■ Work order ■
The lines to be copied run from the one containing "Some of the text" to the end of the material below; reproduce them exactly, including both ends, and nothing more.

■ Data in this exercise ■
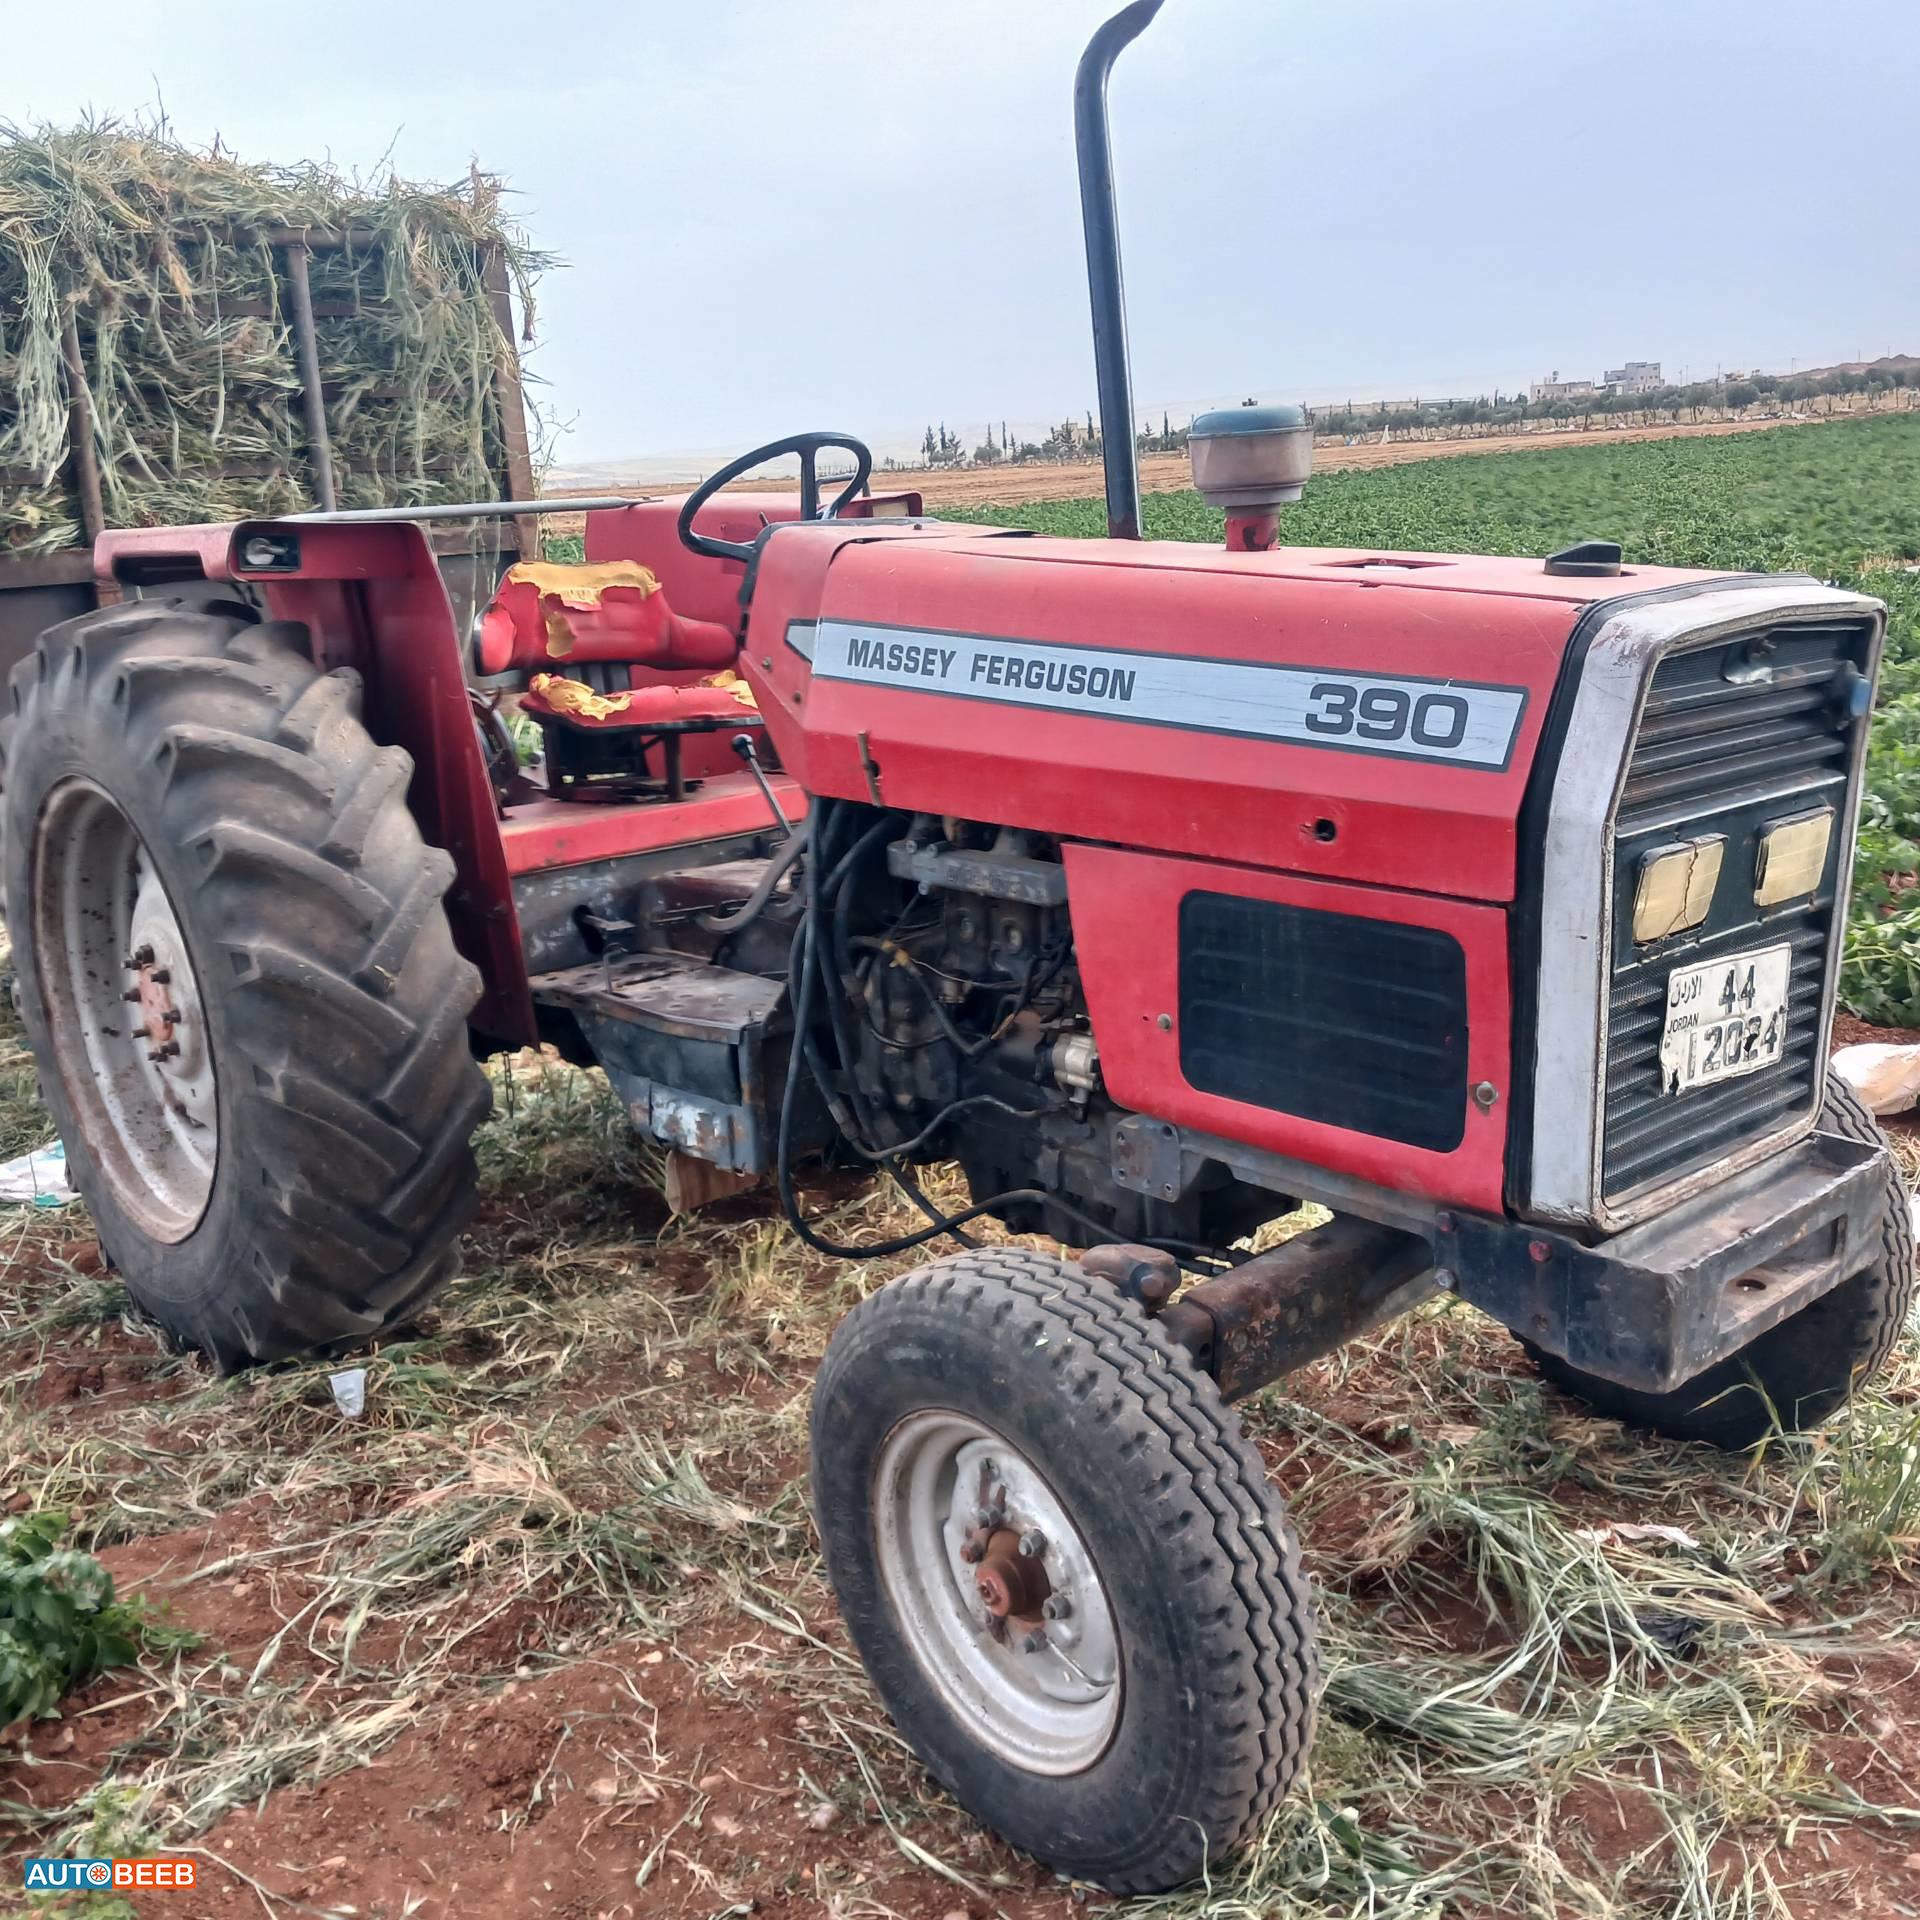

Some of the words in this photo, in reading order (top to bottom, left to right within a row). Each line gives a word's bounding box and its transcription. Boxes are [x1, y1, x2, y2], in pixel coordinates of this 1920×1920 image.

[847, 638, 956, 678] MASSEY
[970, 653, 1136, 701] FERGUSON
[1305, 683, 1469, 749] 390
[1718, 964, 1756, 1016] 44
[1667, 1012, 1700, 1034] JORDAN
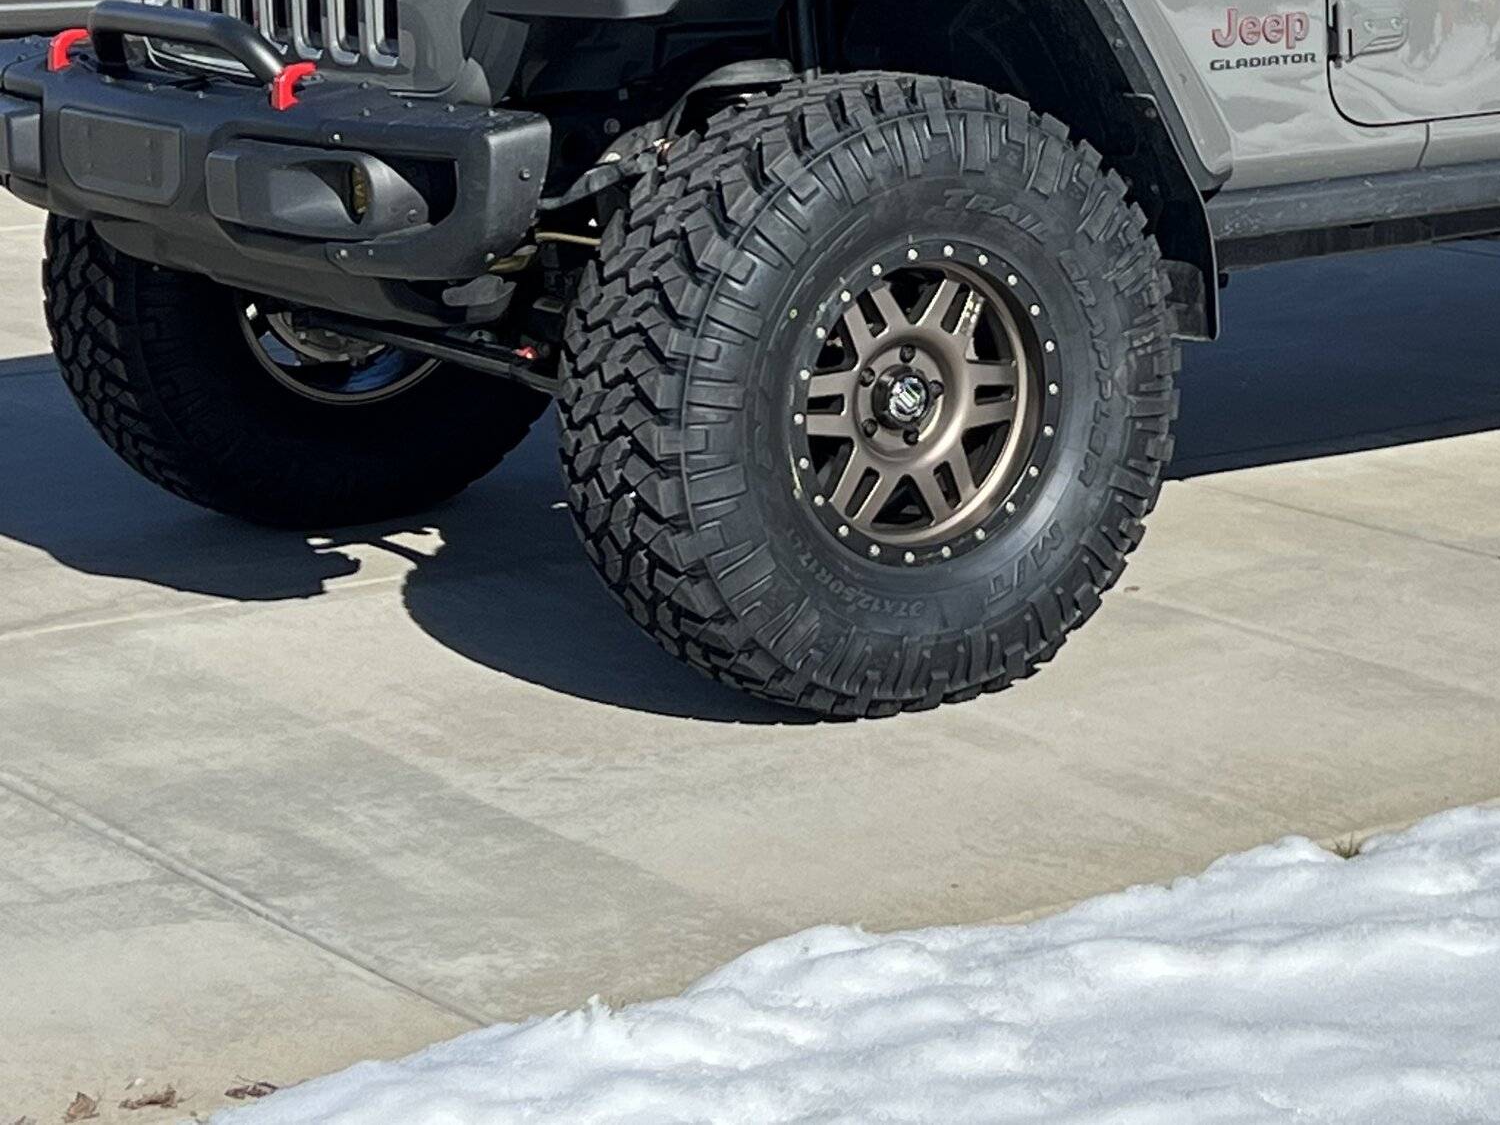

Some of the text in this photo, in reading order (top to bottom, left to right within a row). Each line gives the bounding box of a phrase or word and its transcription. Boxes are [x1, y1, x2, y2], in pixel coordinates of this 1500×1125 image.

[1212, 7, 1310, 50] Jeep
[1209, 52, 1317, 71] GLADIATOR
[944, 188, 1050, 244] TRAIL
[984, 519, 1066, 606] M/T

■ Response to this exercise ■
Some of the text in this photo, in reading order (top to bottom, left to right within a row). Each line gives the bounding box of a phrase or word and its transcription. Boxes are [x1, y1, x2, y2], in pixel coordinates of this 1500×1125 image.

[1212, 7, 1310, 50] Jeep
[1209, 52, 1317, 71] GLADIATOR
[944, 188, 1050, 244] TRAIL
[984, 519, 1066, 606] M/T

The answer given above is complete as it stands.